The twins themselves are trapped in what can best be described a Platonic
incest. This is where Bertolucci starts mining in familiar areas. His
exploration of sexuality and un-discussed areas of possibility have been
a theme in most of his twenty or so films. I first remember being fascinated
by Luna when I was a kid. I had been in love Jill Clayburgh
for some, probably Oedipal reason. In that 1979 film, she has an affair
with her teen son. While moody and erotic, the film was dealing with such
a taboo subject; it seemed like know one knew how to describe it other
than surreal. It really wasn't. It was very real only dealing with an
area of sexuality in a mostly objective manner.
The backdrop of the film is Paris in 1968. I've probably written too
much about this already. The student over-population in Nanterre mixed
with their isolation outside of Paris mixed with the boredom of being
a student while the world was erupting lead to massive political upheaval.
By May, the students and workers were together having brought the entire
country to a standstill. It was the closest thing to revolution in Europe
since the Spanish Revolution. The three characters in this film don't
represent what was really happening in the streets and that is probably
a good thing because a lot of the film's success is its hands off attitude
towards politics. Mathew is smug in his bourgeois ideas of non-violence
and his fear of collectivization. Theo is completely dogmatic in his ill-informed
Mao-ism ignorant to the fact that he is from the bourgeois and has totally
alienated himself from the street battles happening daily. Isabelle lives
for her brother and is ultimately un-phased by the world outside of their
Bertolucci, for me anyway, is sort of hit or miss. It's fascinating
to me that a man that can make The Conformist and Last
Tango In Paris could also make Besieged. It's
hard to separate analysis and my deeper feelings about this movie. It's
a love letter to May '68 and it's beautiful.
FLOWER OF EVIL (directed by Claude Chabrol)
Incest that isn't incest is also a theme in Chabrol's latest La
Fleur Du Mal. A brother and a sister, who are engaged in a physical
relationship, are siblings due to a marriage and not blood.
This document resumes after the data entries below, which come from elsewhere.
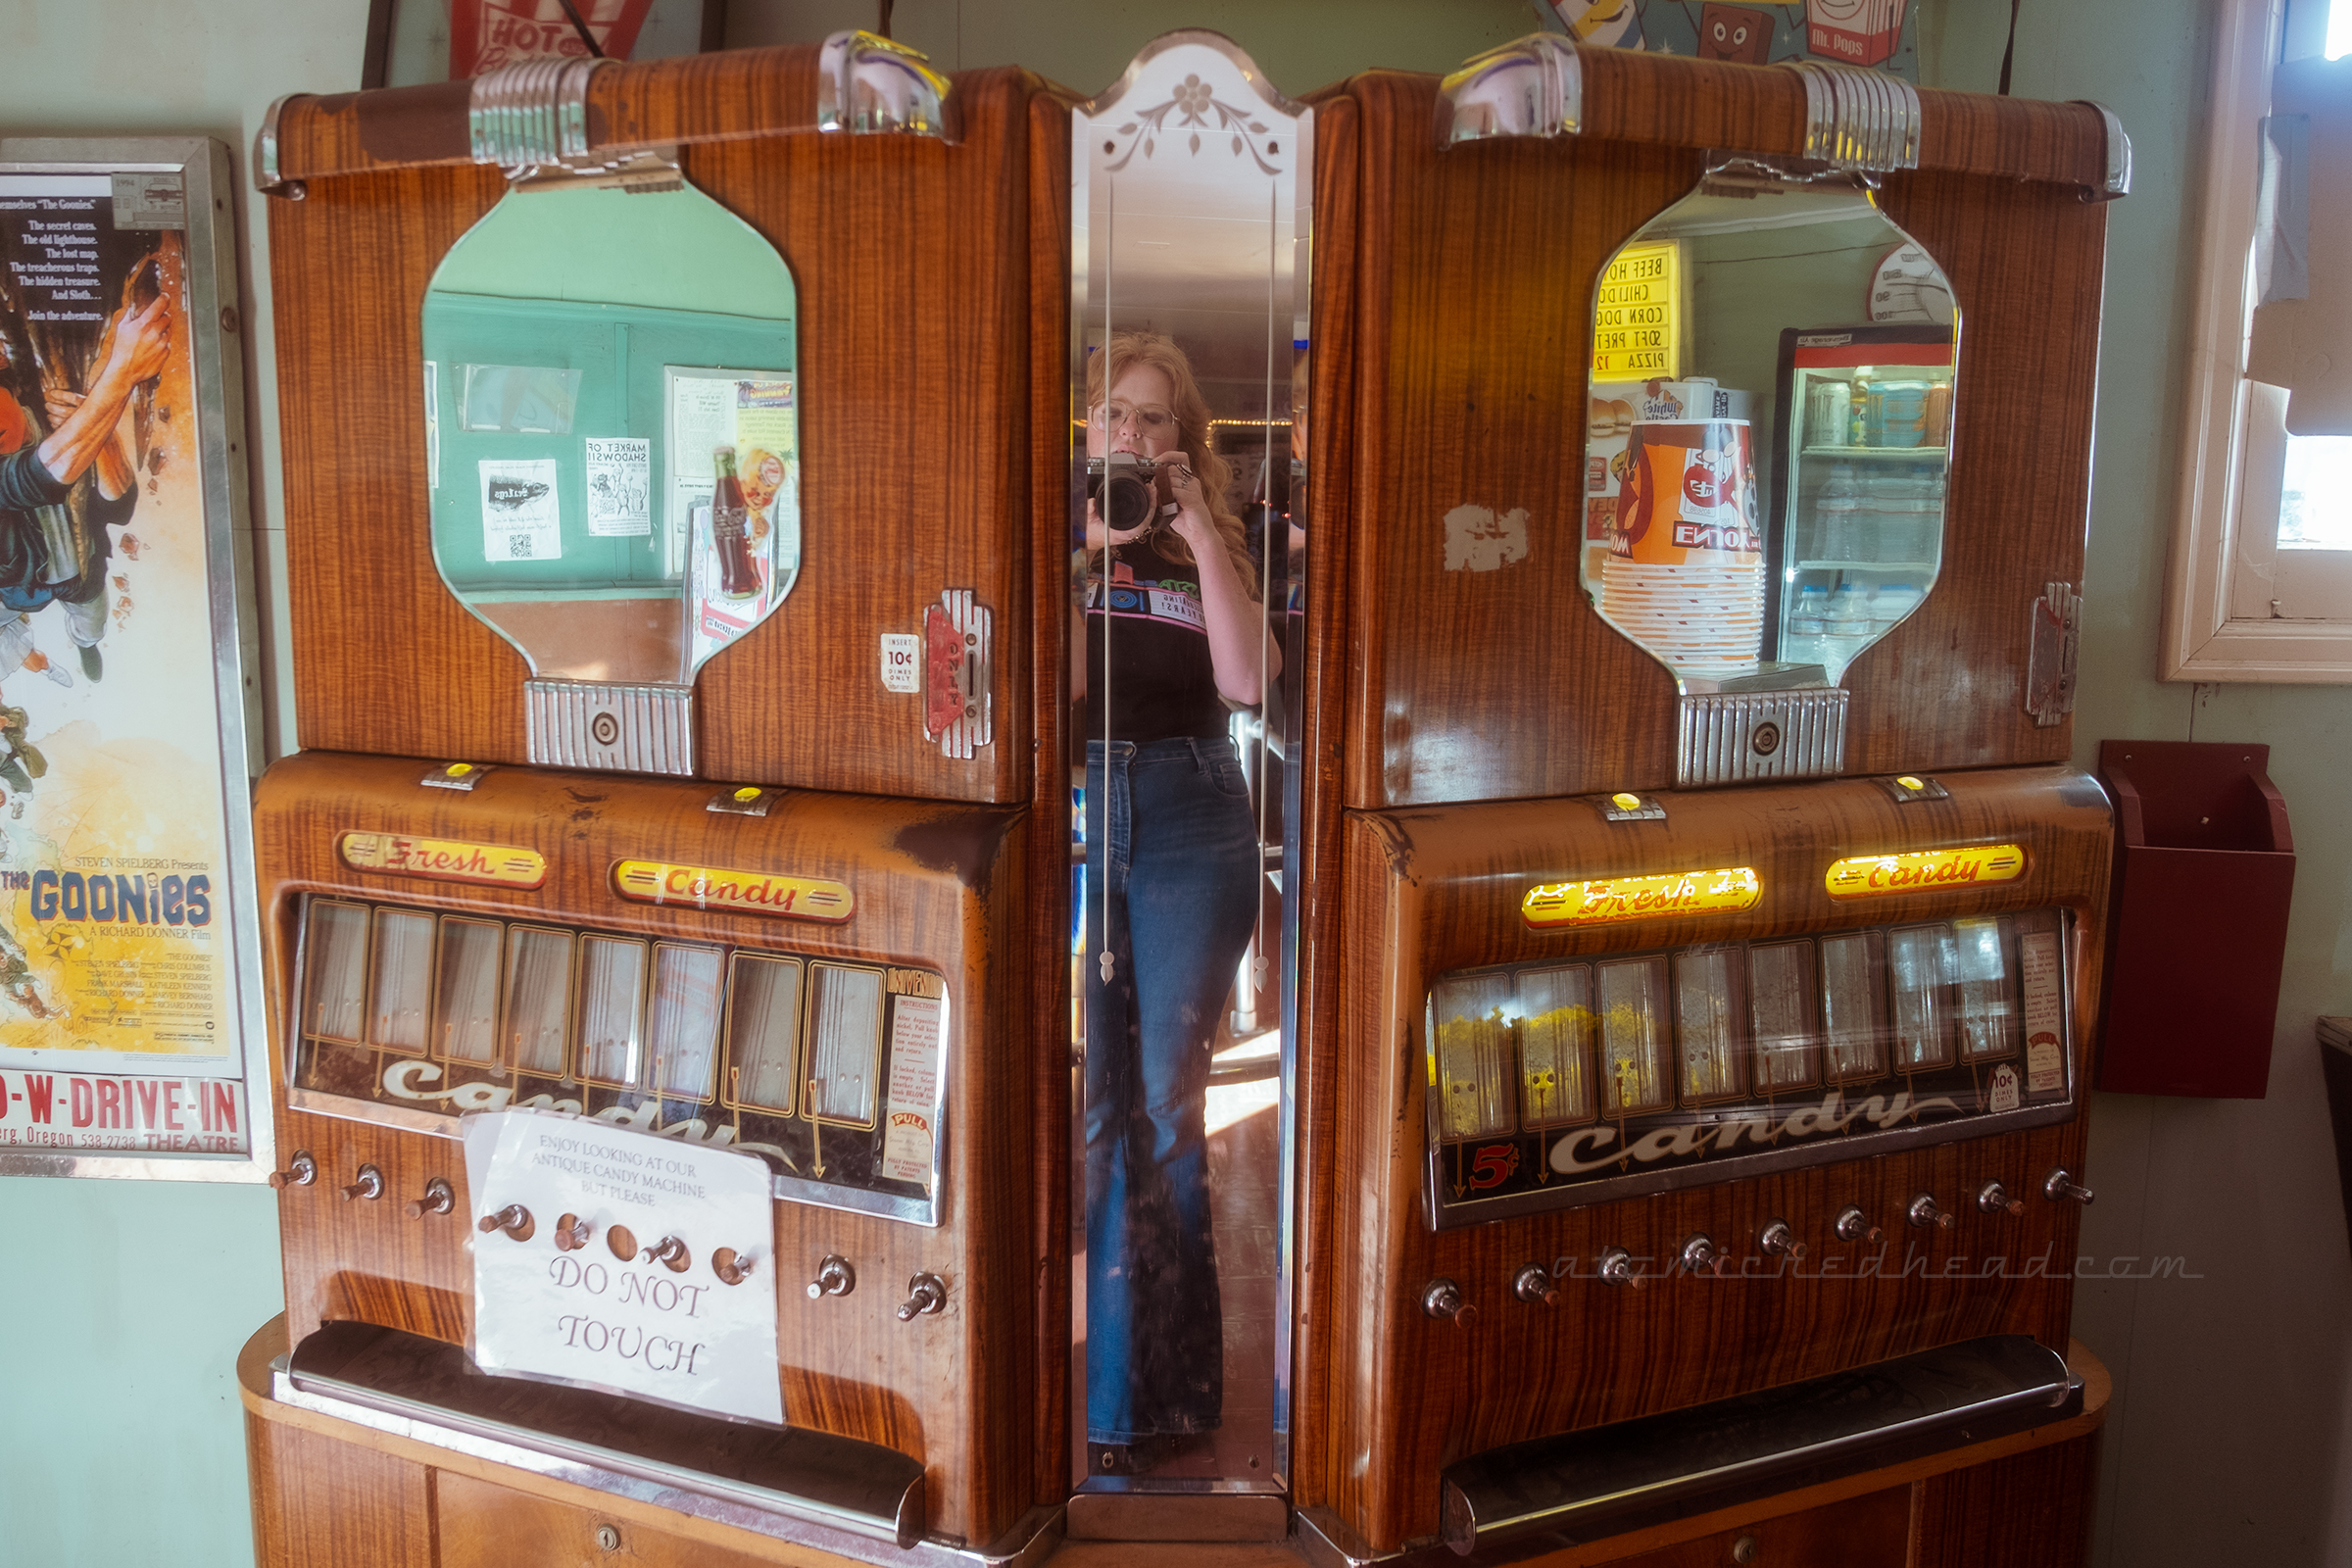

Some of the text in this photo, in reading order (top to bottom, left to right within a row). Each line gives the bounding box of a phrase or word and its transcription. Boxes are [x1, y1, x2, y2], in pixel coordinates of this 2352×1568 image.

[492, 18, 563, 53] HOT
[1812, 28, 1863, 57] Mr. Pops
[27, 220, 45, 230] The
[46, 221, 72, 231] secret
[22, 234, 38, 245] The
[39, 234, 53, 245] old
[45, 248, 62, 259] The
[63, 248, 78, 259] lost
[10, 262, 26, 272] The
[26, 262, 75, 272] treacherous
[18, 275, 34, 286] The
[35, 275, 64, 286] hidden
[52, 289, 69, 300] And
[27, 310, 45, 320] Join
[46, 310, 60, 320] the
[888, 651, 912, 666] 10¢
[75, 857, 209, 871] STEVEN SPIELBERG Presents
[388, 841, 495, 875] Fresh
[1868, 855, 1982, 889] Candy
[665, 868, 797, 911] Candy
[1578, 878, 1701, 915] Fresh
[90, 926, 212, 941] A RICHARD DONNER Film
[179, 973, 212, 982] SPIELBERG
[187, 1002, 213, 1010] DONNER
[900, 1000, 938, 1011] INSTRUCTIONS
[2032, 1034, 2054, 1045] PULL
[1995, 1074, 2013, 1089] 10¢
[1995, 1089, 2013, 1098] DIMES
[895, 1113, 924, 1129] PULL
[27, 1126, 74, 1149] Oregon
[81, 1134, 135, 1151] 538-2738
[1548, 1092, 1964, 1175] Candy
[143, 1134, 239, 1153] THEATRE
[540, 1134, 697, 1178] ENJOY LOOKING AT OUR
[903, 1160, 927, 1169] PROTECTED
[1469, 1142, 1520, 1190] 5¢
[532, 1152, 706, 1199] ANTIQUE CANDY MACHINE
[581, 1180, 656, 1206] BUT PLEASE
[549, 1255, 710, 1318] DO NOT
[558, 1314, 706, 1376] TOUCH
Again, guilt
is so far removed that even their parents had always hoped they would
become a couple.
The film starts with the brother returning from a four-year stint in
the states. He is picked up by his father who seems to be an affable and
simple guy. His stepmother is a local politician who comes across as grossly
ambitious pushing her family to the side with the characters vaguely implying
at some infidelity with her running mate. His sister, it seems, is attracted
to him while he rejects her.
But all this is half-truth as slowly unravels in this light mystery
about upper middle class decadence and what they think is communication.
There is the mystery in the foreground, in public discussion, about the
family's relationship to Nazi collaborators in the past. There is a secondary
mystery out of the public eye that becomes the most important about the
father, his own motives, and how they grow closer and closer to the family.
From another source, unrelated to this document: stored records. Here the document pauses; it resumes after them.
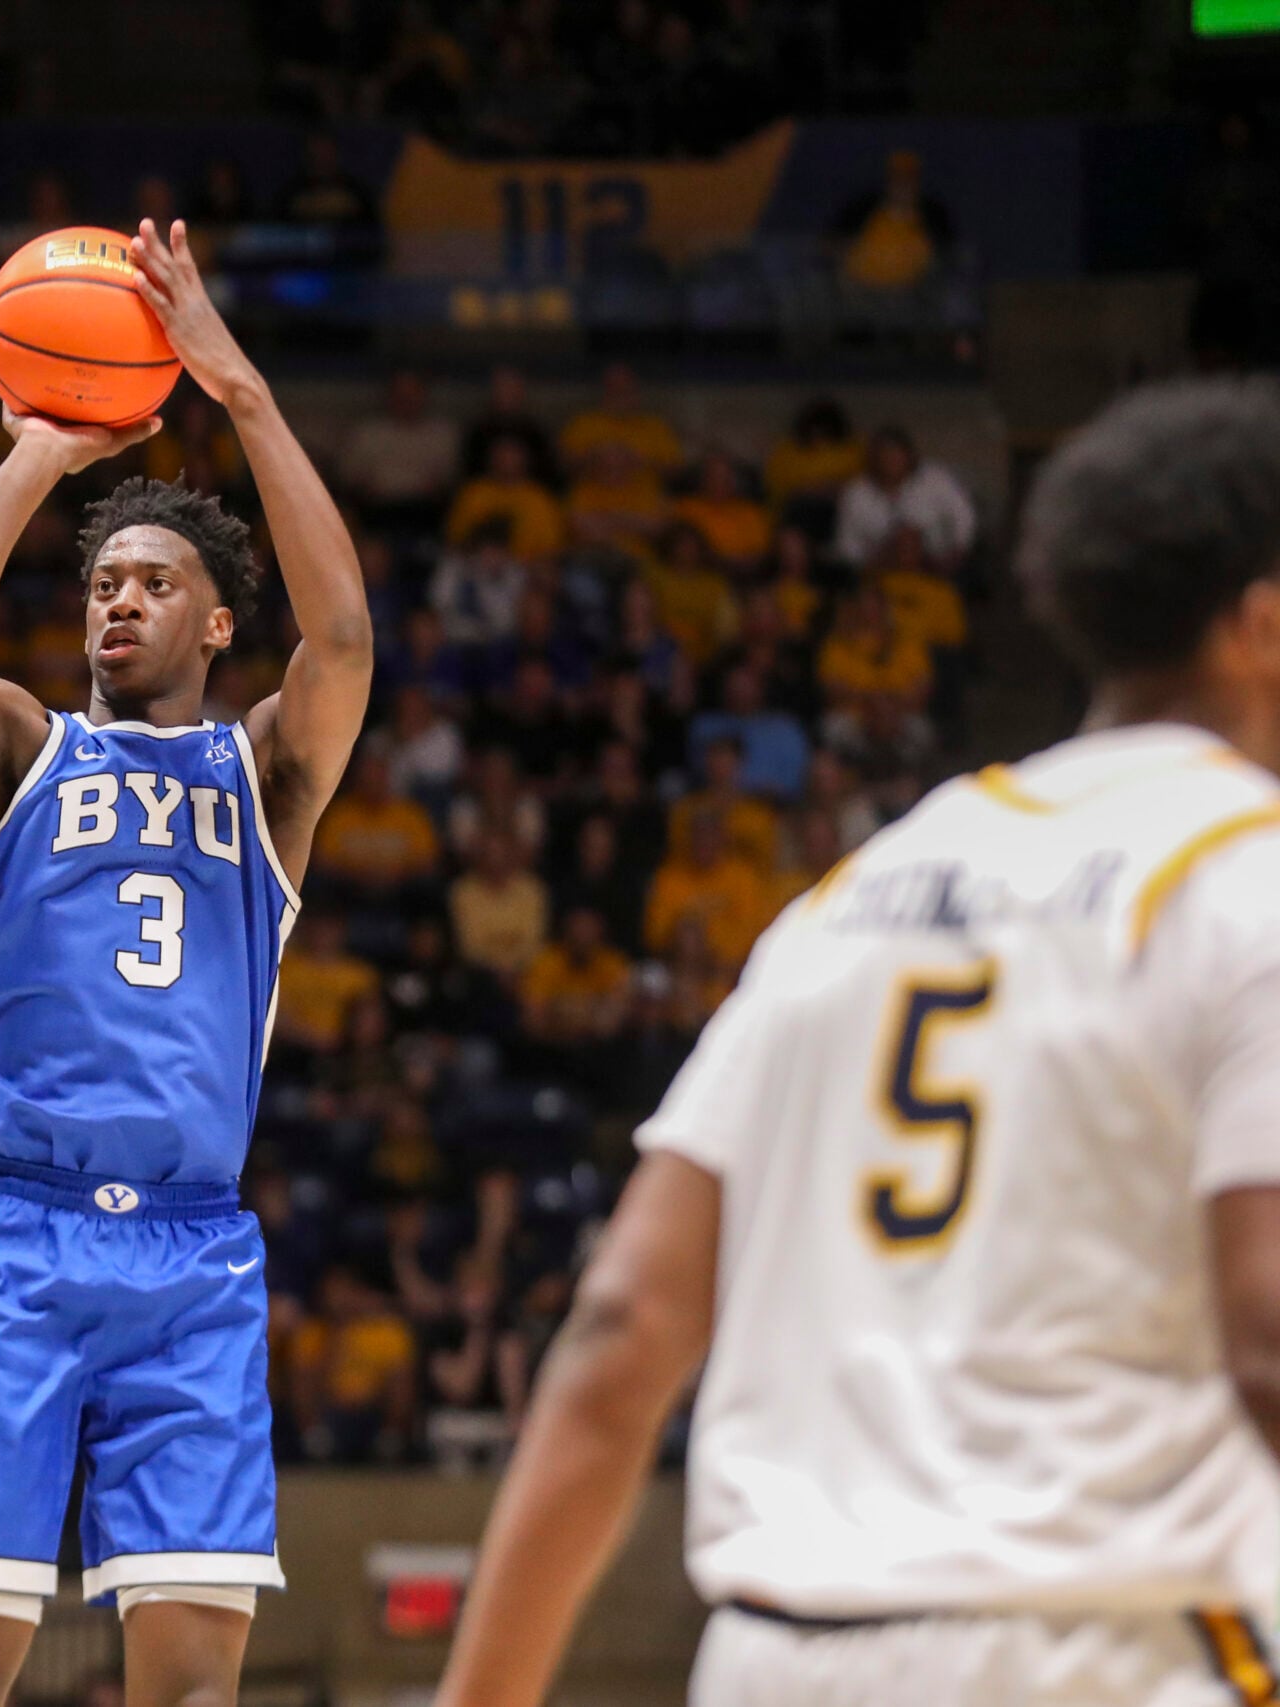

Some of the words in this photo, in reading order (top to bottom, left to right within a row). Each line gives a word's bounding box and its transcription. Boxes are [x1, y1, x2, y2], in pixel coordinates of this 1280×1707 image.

[47, 239, 128, 263] ELIT
[52, 772, 241, 867] BYU
[115, 871, 186, 989] 3
[856, 953, 1001, 1258] 5
[103, 1187, 131, 1209] Y
Chabrol's influence from Baudelaire, well as a fan of both, I don't
really get it. I see this movie, like some of Chabrol's other critiques
of the petit-bourgeois, more of an alternate reality that I'm not privy
to. It's socialism of the privileged, and it's intriguingly perverse.
The incest is safe while alluring. The murder is secondary and unresolved
by the films end. The film closes with credits running during a party
while a corpse waits unacknowledged. What will become of the characters
ends up being unimportant.
In many ways, this is Chabrol at his most sophisticated. The need to
move between audience-aimed actions is replaced by built-up realism. The
dialog is smart and the uneven story progression seems especially real.
He's sacrificed his scathing wit to allow for the characters to organically
develop at the limitations of their own wisdom.
Part of the original nouvelle vogue and as important historically as
Truffaut and Godard, this is just one part of a larger body of work matching
that of Eric Rohmer and Stephen Frears.